To counter this situation, the Montesinho Natural Park implemented the HabMonte project, recovering mud areas and managing forest areas. This initiative is promoted by the ICNF and aims to contribute to the protection and conservation of protected natural habitats and to the enhancement of the  habitats of both the Iberian wolf and its preys, deemed fundamental for the balance of ecosystems. According to the ICNF: “Recovering these pastures allows the herbivorous wildlife of the Montesinho Natural Park to scatter throughout the territory – in particular, deer, roe deer and wild boar –, which thus find greater food availability outside the agricultural perimeter of the villages. The scattering of these animals also benefits the Iberian wolf, whose natural prey is large herbivores, thus keeping them away from villages and herds”.

Also in the Peneda-Gerês National Park, comprising 70,000 hectares of natural heritage and unique biodiversity, this species is part of the first protected area created in the country, part of the National Network of Protected Areas, managed by the Institute for the Conservation of Nature and Forests (ICNF). And this is where the parent population of the Iberian wolf is located  in Portugal.


Man and wolf have coexisted for thousands of years – some theories suggest that both species have been coexisting for 100,000 years. And there is a more consensual  hypothesis that suggests that its domestication occurred 10,000 or even 15,000 years ago. In the 19th century it was still a common species (Bocage, 1863). However, at the beginning of the 20th century it was already considered uncommon (Seabra, 1910), until the 1950s there was a drastic reduction, and wolves now live in only 20% of the territory that forms their natural habitat.

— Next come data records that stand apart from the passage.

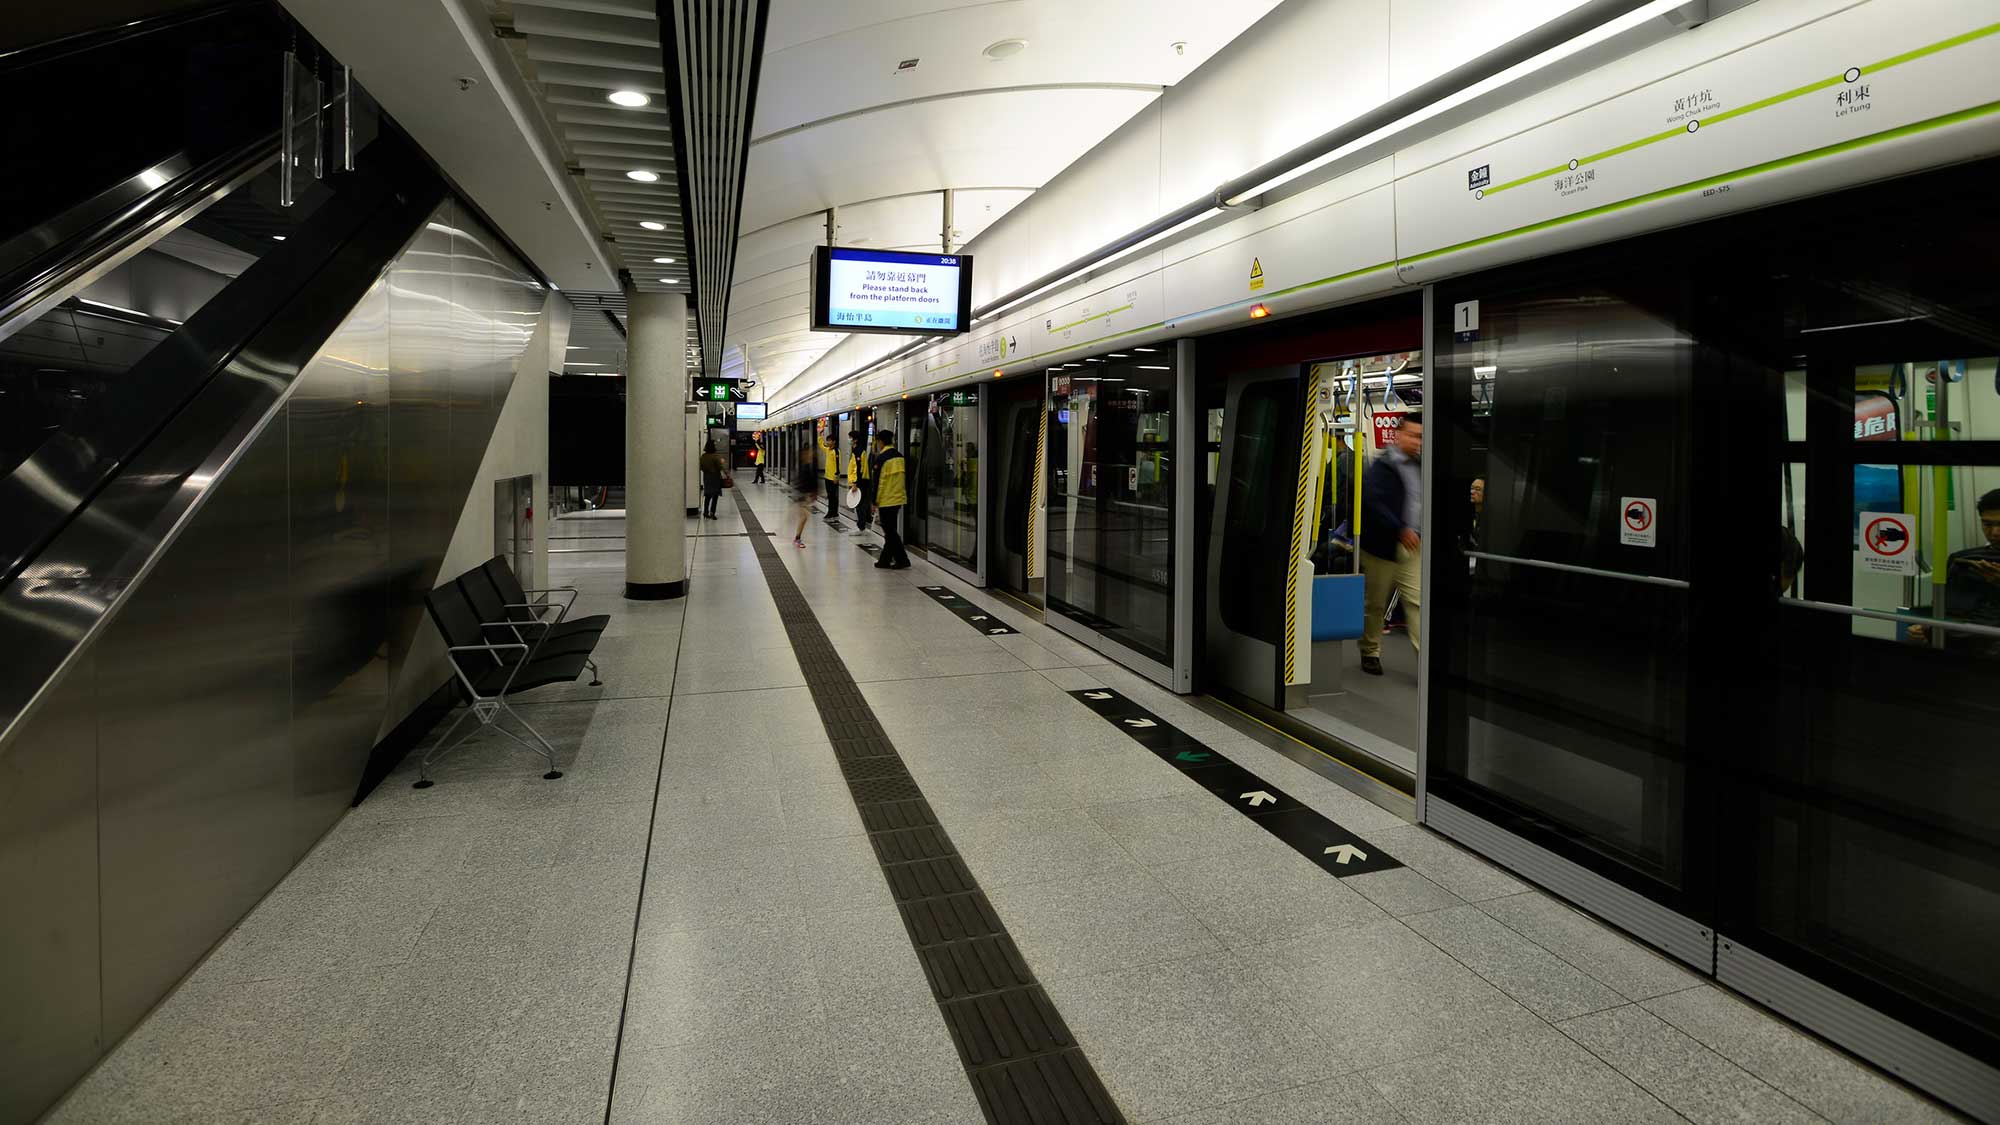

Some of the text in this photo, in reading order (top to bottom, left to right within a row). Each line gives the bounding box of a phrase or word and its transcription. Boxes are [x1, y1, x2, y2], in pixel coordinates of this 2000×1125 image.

[1673, 89, 1712, 112] 黃竹坑
[1836, 85, 1870, 107] 利東
[1666, 101, 1721, 125] Wong Chuk Hang
[1835, 101, 1871, 118] Lei Tung
[1554, 170, 1594, 191] 海洋公園
[1560, 185, 1589, 197] Ocean Park
[849, 292, 940, 303] from the platform doors
[862, 283, 928, 294] Please stand back
[1462, 306, 1469, 328] 1
[714, 385, 725, 394] 出
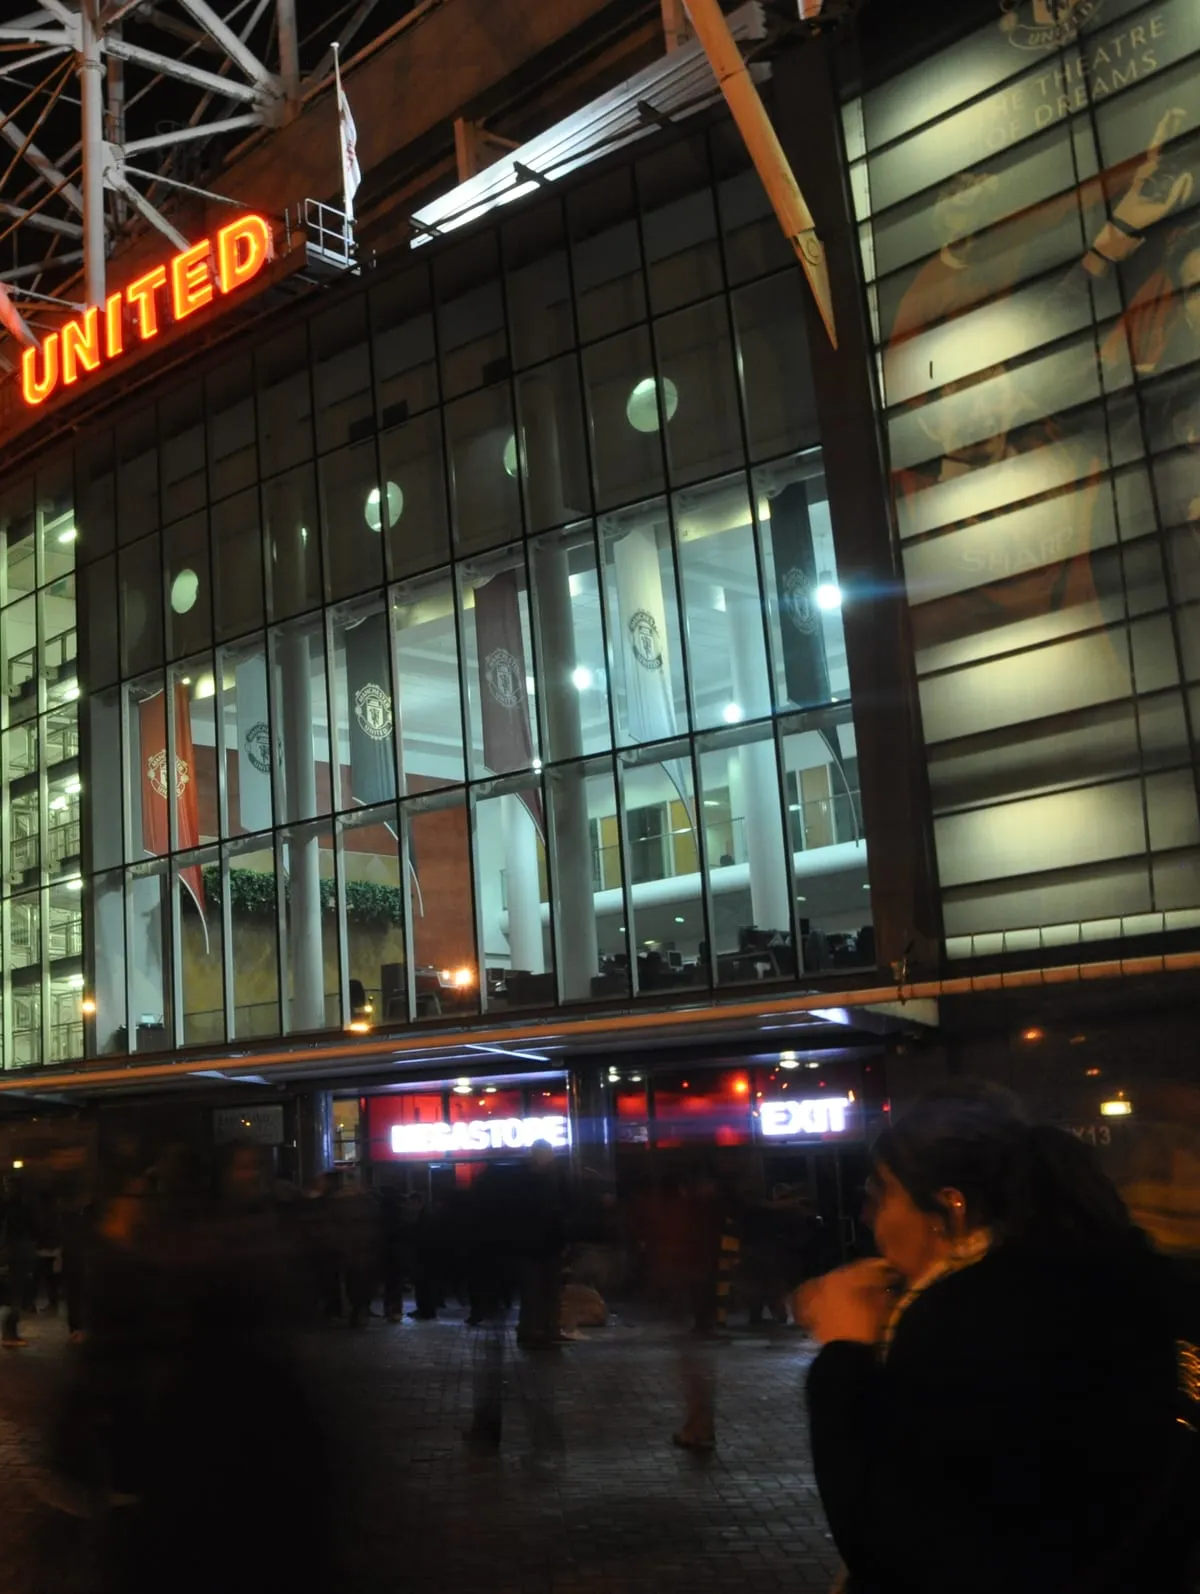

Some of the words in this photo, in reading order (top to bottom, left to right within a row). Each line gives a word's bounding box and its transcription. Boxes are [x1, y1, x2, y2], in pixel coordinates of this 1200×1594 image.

[1035, 50, 1158, 129] DREAMS
[1036, 15, 1165, 97] THEATRE
[21, 213, 274, 406] UNITED
[959, 526, 1074, 574] SHARP
[760, 1097, 848, 1135] EXIT
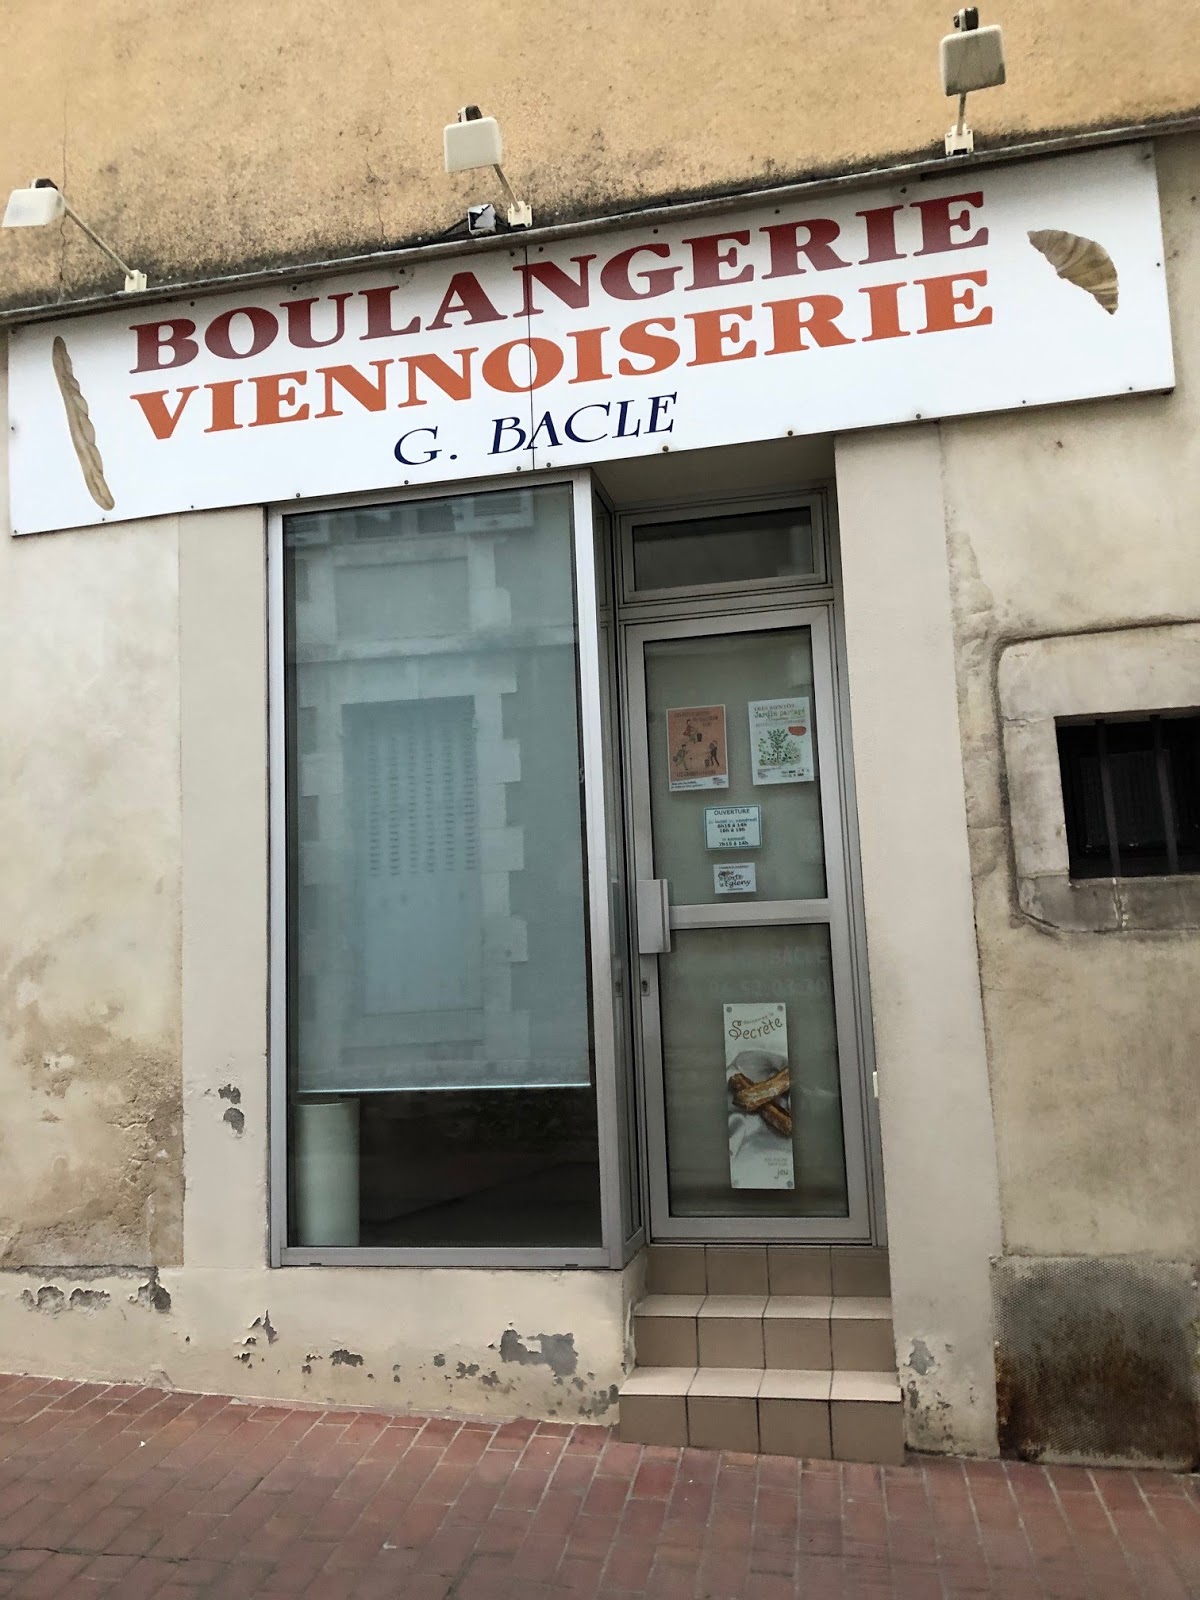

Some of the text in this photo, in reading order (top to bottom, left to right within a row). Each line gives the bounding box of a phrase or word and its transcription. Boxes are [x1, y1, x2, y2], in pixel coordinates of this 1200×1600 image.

[129, 191, 989, 375] BOULANGERIE
[130, 270, 994, 440] VIENNOISERIE
[394, 391, 678, 467] G. BACLE
[729, 1017, 783, 1041] Secrète

Both the female and the pups are kept in the den from birth until the end of the breastfeeding period, and all members of the pack assist in caring for the small wolves.

Within the group, the Iberian wolves use vocalisations to share the location with each other, as well as to warn as to eventual dangerous situation. On the other hand, its howl can be heard up to a kilometre away.

Among the various threats to this species is habitat destruction (often caused by the building of highways and other large infrastructure) that leads to the reduction or even extinction of wild prey. Human persecution also leads to cases of poisoning.

The Iberian wolf is one of the few species of Portuguese fauna covered by specific national legislation, namely the Iberian Wolf Protection Law (Law No. 90/88of 13 August and Decree-Law No. 54/2016of 25 August), which prohibits its killing, capture and the destruction of its habitat.

  • Mammal

  • Iberian wolf

    Canis lupus signatus

  • Genre:


  • Family:


  • Conservation status:

    “Almost Threatened” (NT) in the Iberian Peninsula and Endangered (EN) in Portugal, according to the Red Book of Vertebrates of Portugal.

  • Habitat:

    Open forests or woodlands of the mountainous areas and adjacent plains.

  • Distribution:

    Between the mountains of northern and central Portugal, there are two populations: one with about 50 packs in the Peneda, Gerês and Montesinho Mountains and another south of the Douro River, with only 10 packs and isolated from the other populations.

  • Height/Length:

    Females measure between 130 to 160 cm and weigh between 25 to 35 kg, while males reach 180 cm in length and 40 kg.

  • Longevity

    They can live upxx to 13 years of age in the wild and up to 17 years in captivity.

How to tend to the Ibeirian wolf?

Regarding the  Canis lupus signatus conservation, this involves the recovery and preservation of its habitat, starting with compliance with legislation. In areas where packs are referenced, some special precautions are in place, such as limiting forestry operations to sunlight hours, and pausing such activities between sunset and up to one hour after sunrise. Only thus will it be possible to increase the area of occupation and the distribution of current populations in Portugal.